Tracking how home field advantage varies by league, season, and venue — and adjusting betting accordingly when HFA deviates significantly from historical norms or when specific teams have extreme home/away splits.
You know historical HFA norms by league (EPL typically 0.3-0.4 goals). You track season-to-season HFA shifts. You identify teams with extreme venue-specific effects. You separate home and away xGD when evaluating teams. You understand the factors driving HFA: crowd intensity, travel distance, altitude, artificial turf, pitch proximity.

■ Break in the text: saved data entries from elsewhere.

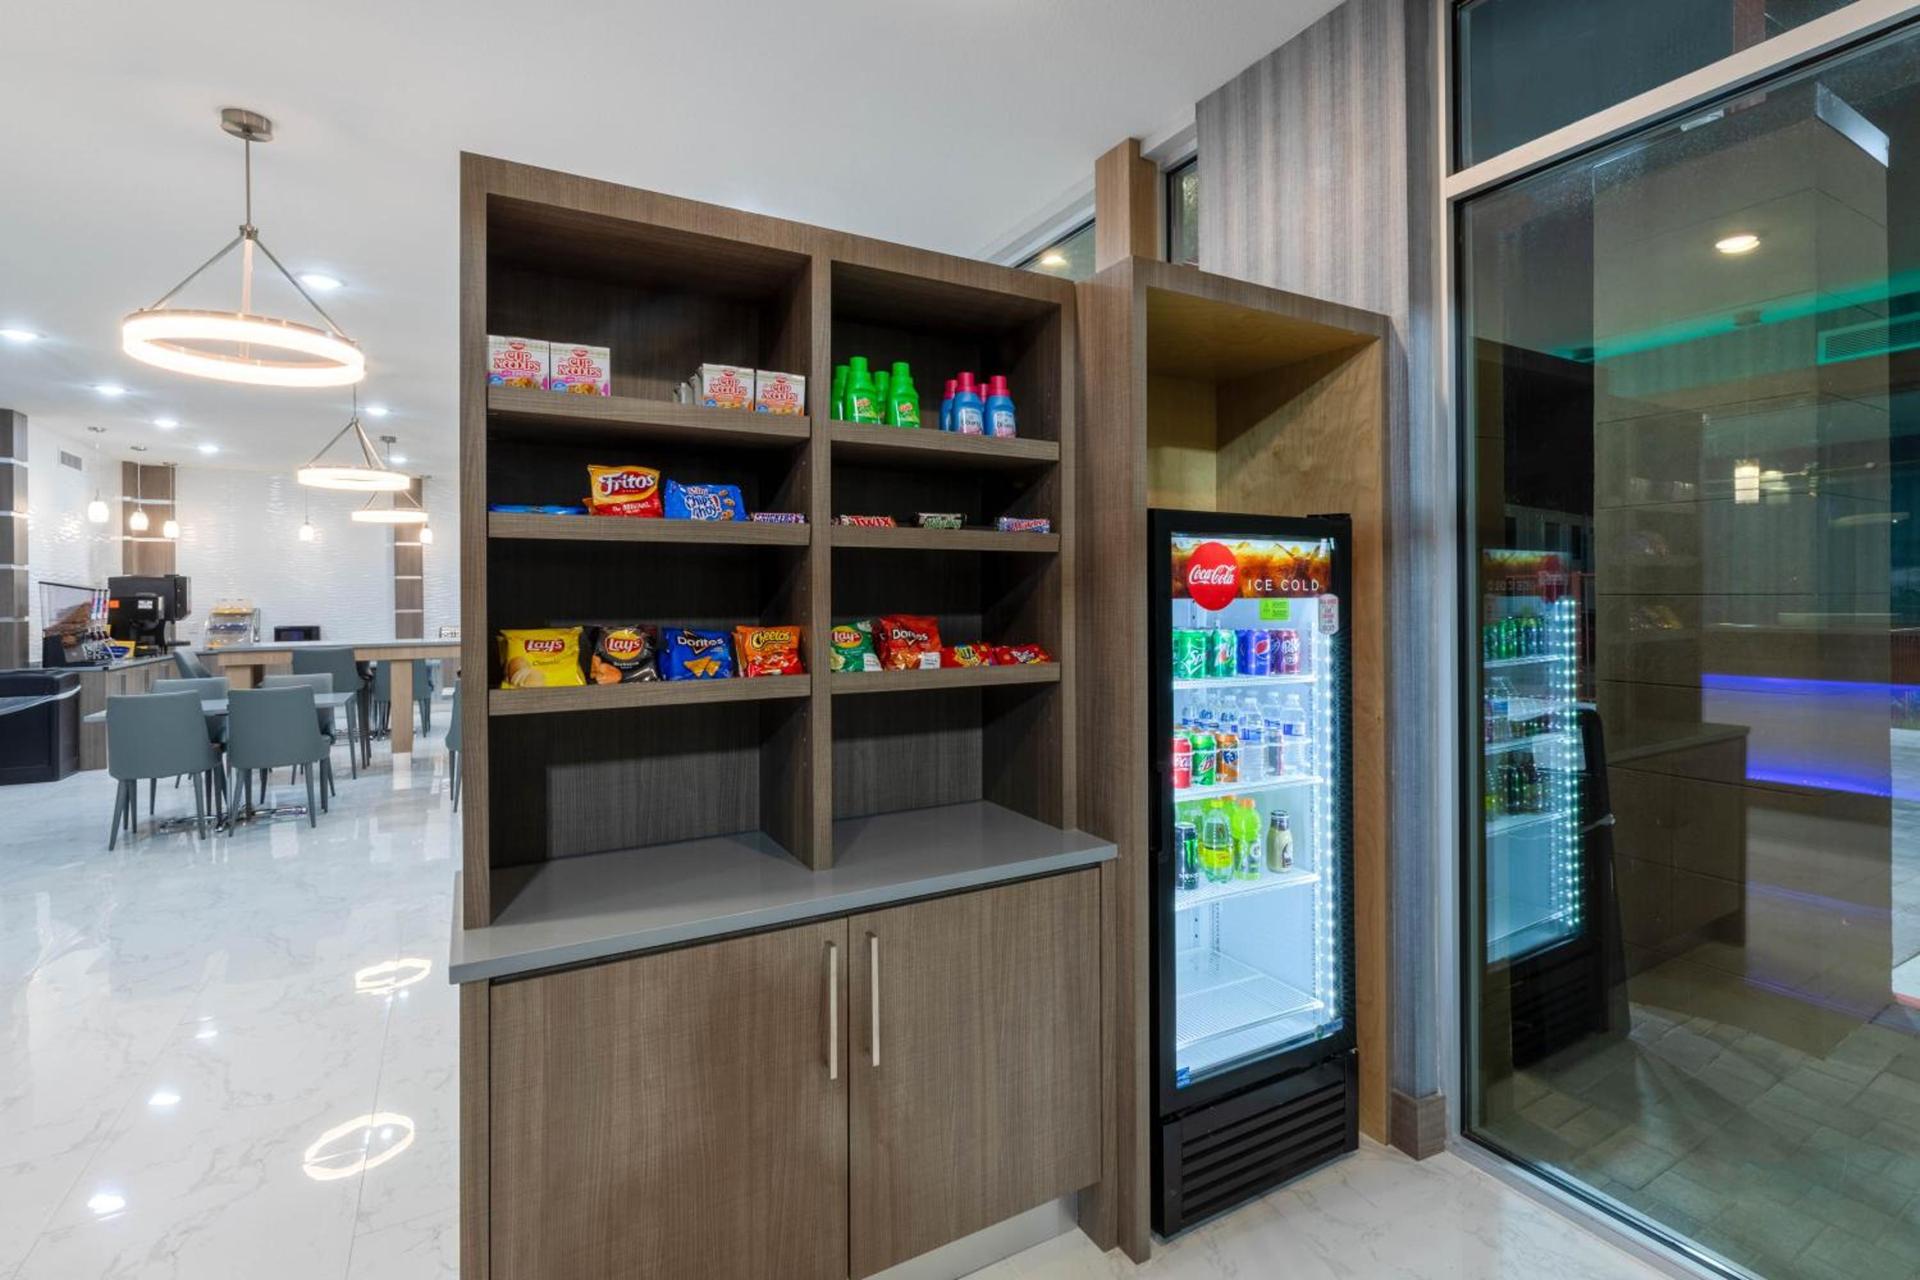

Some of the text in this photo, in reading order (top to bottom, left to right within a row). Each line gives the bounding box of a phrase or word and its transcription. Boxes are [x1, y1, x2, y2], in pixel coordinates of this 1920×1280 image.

[504, 350, 532, 361] CUP
[568, 357, 593, 367] CUP
[493, 358, 541, 372] NOODLES
[558, 364, 602, 378] NOODLES
[599, 472, 655, 496] Fritos
[1248, 579, 1320, 591] ICE COLD
[677, 635, 724, 647] Doritos
[751, 630, 791, 649] Cheetos
[893, 628, 928, 641] Doritos

24-25 EPL home-away goal difference collapsed to 0.09 — essentially zero HFA, vs. a historical norm of 0.32-0.41. This was the second-lowest on record behind COVID empty-stadium games. This single structural shift was "the main culprit for underperformance vs. model." Meanwhile Championship maintained strong HFA in the same season. HFA is league-specific AND season-specific.

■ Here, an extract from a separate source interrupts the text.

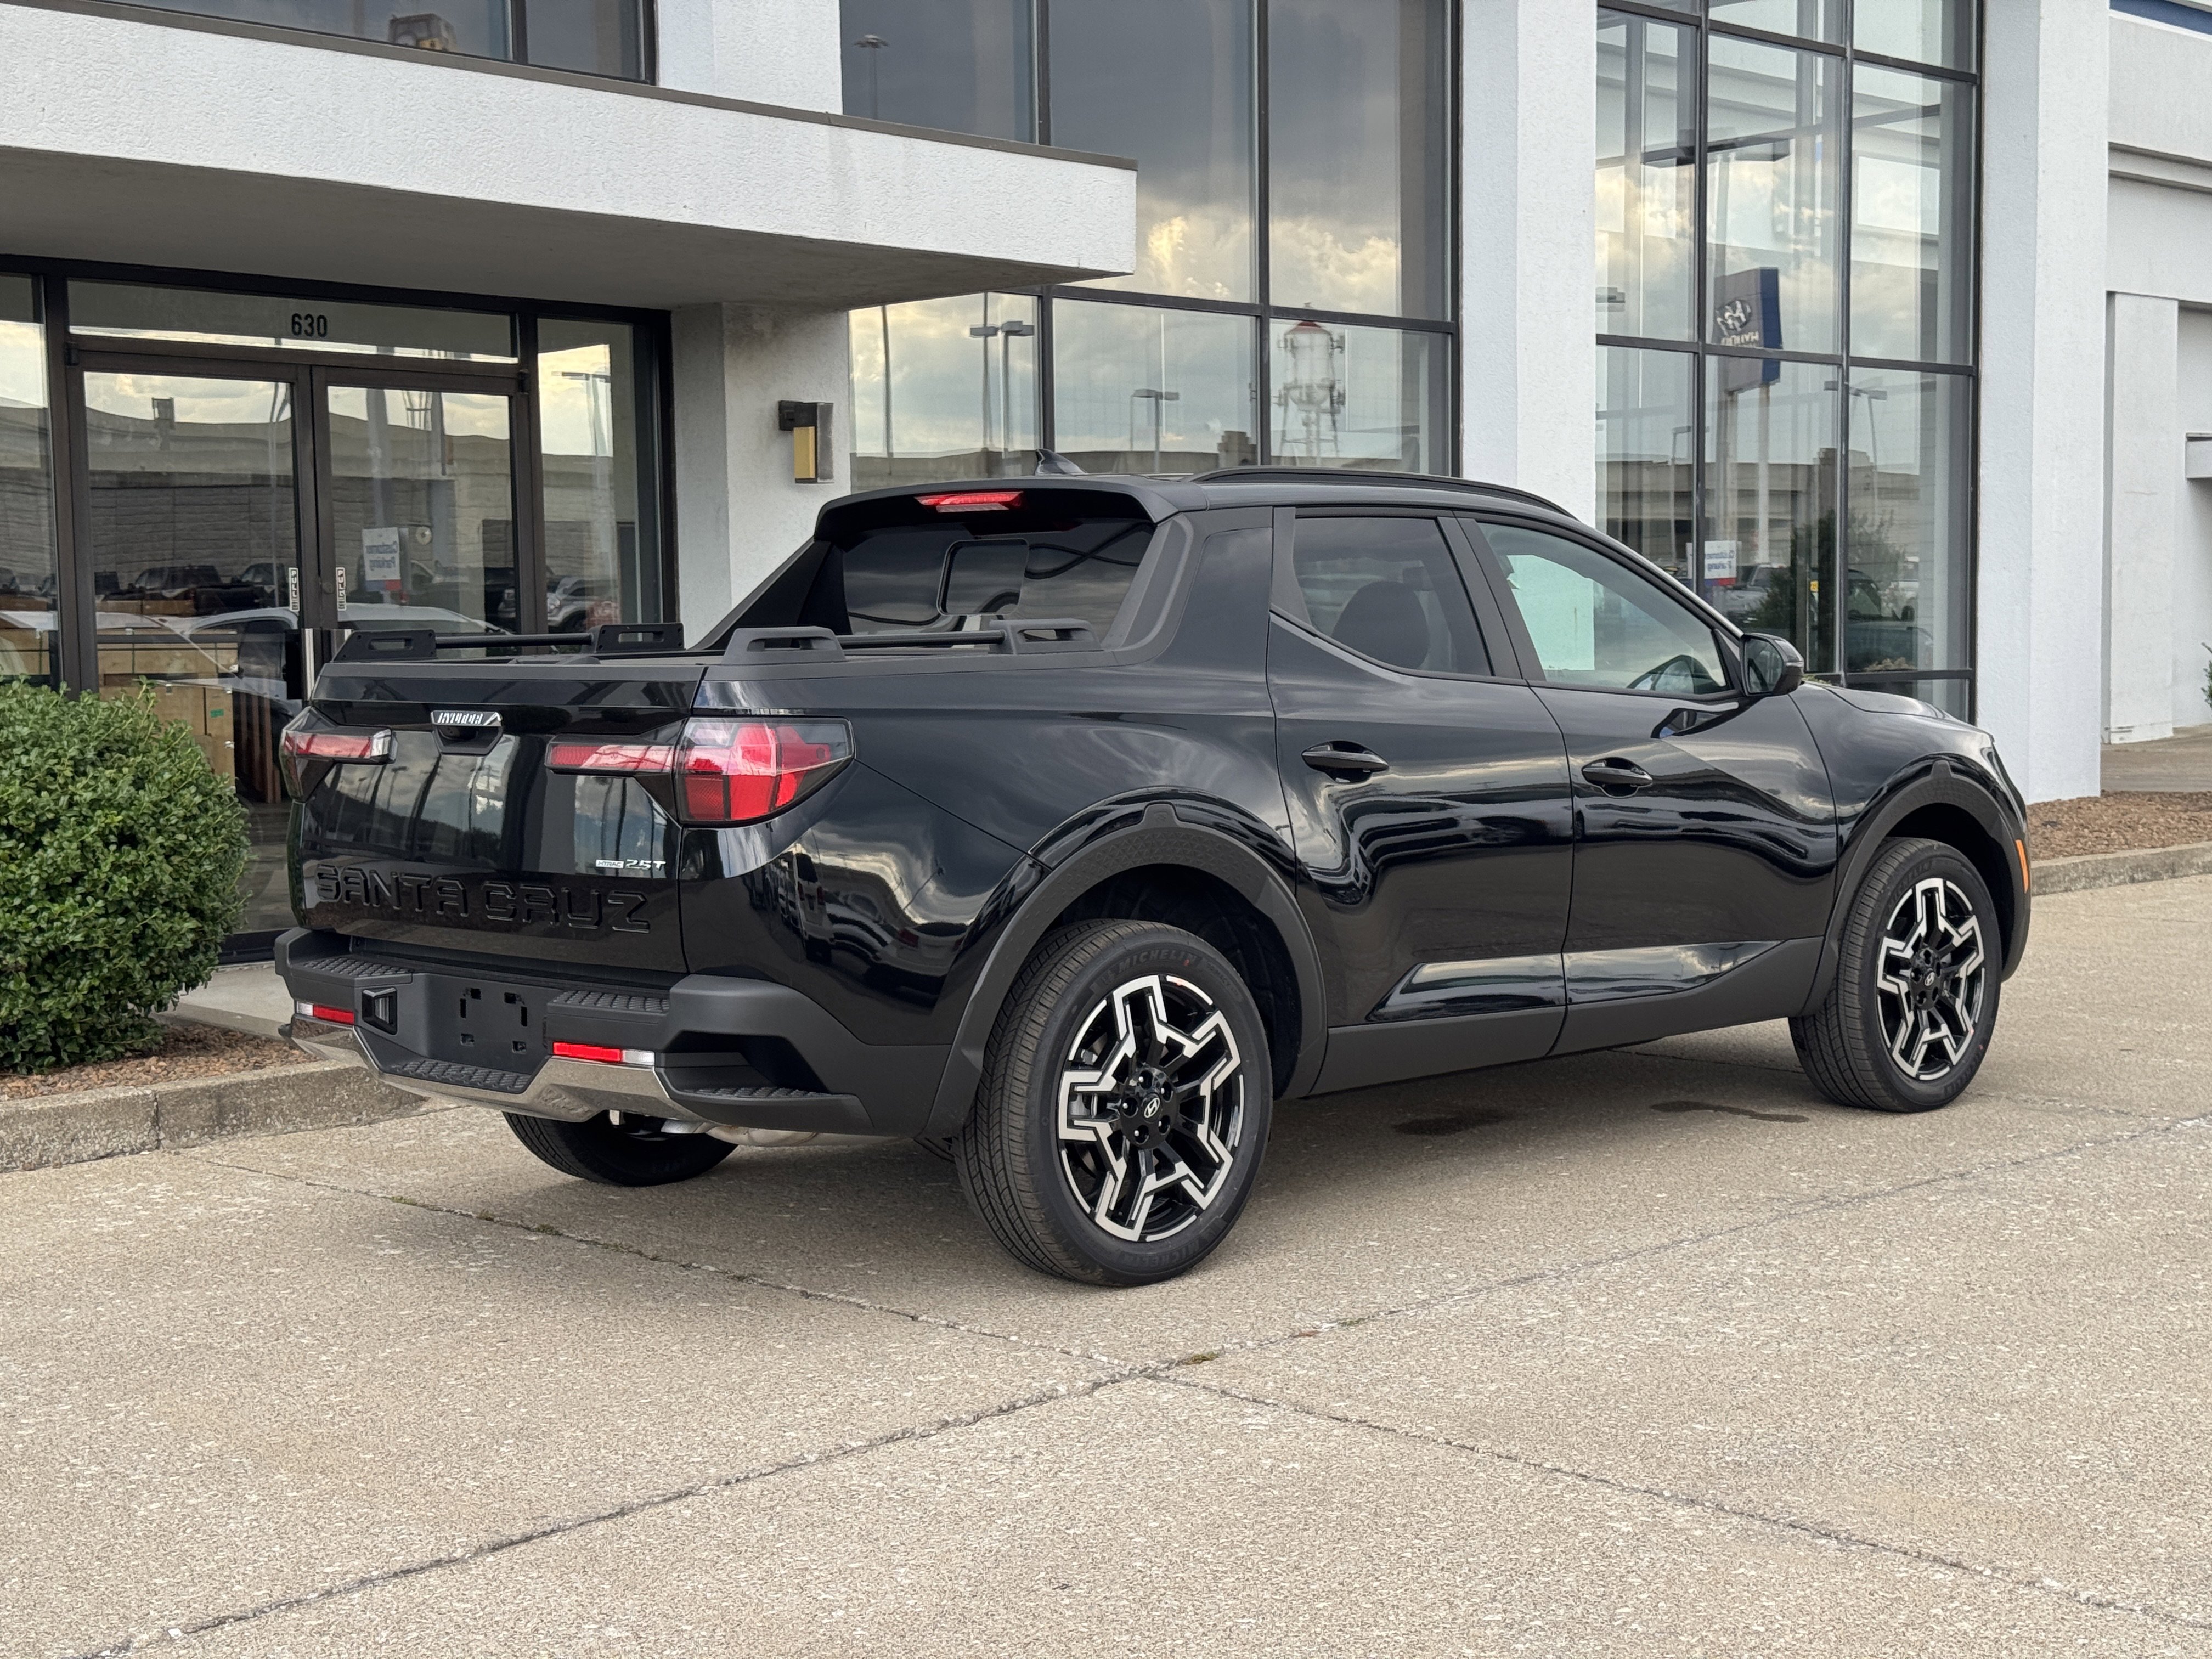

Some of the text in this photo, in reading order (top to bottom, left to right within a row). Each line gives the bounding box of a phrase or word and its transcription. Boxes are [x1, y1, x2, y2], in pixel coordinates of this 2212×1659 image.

[291, 313, 328, 337] 630
[315, 863, 651, 933] SANTA CRUZ
[1119, 949, 1198, 973] MICHELIN

Markets are slightly biased toward quality and reputation over situational advantage. Home underdogs who are close-to-competitive get systematically underpriced, especially in Championship where HFA is strong and parity is high. Ted explicitly structures his approach around hunting for these spots.
Rufus Peabody's COVID decomposition found that crowd noise accounts for only ~15% of total home field advantage. Familiarity and routine (~50%) and reduced travel fatigue (~35%) persist without fans. This means models using "zero HFA" for empty stadiums or neutral sites are deeply wrong — 85% of HFA survives even without fans.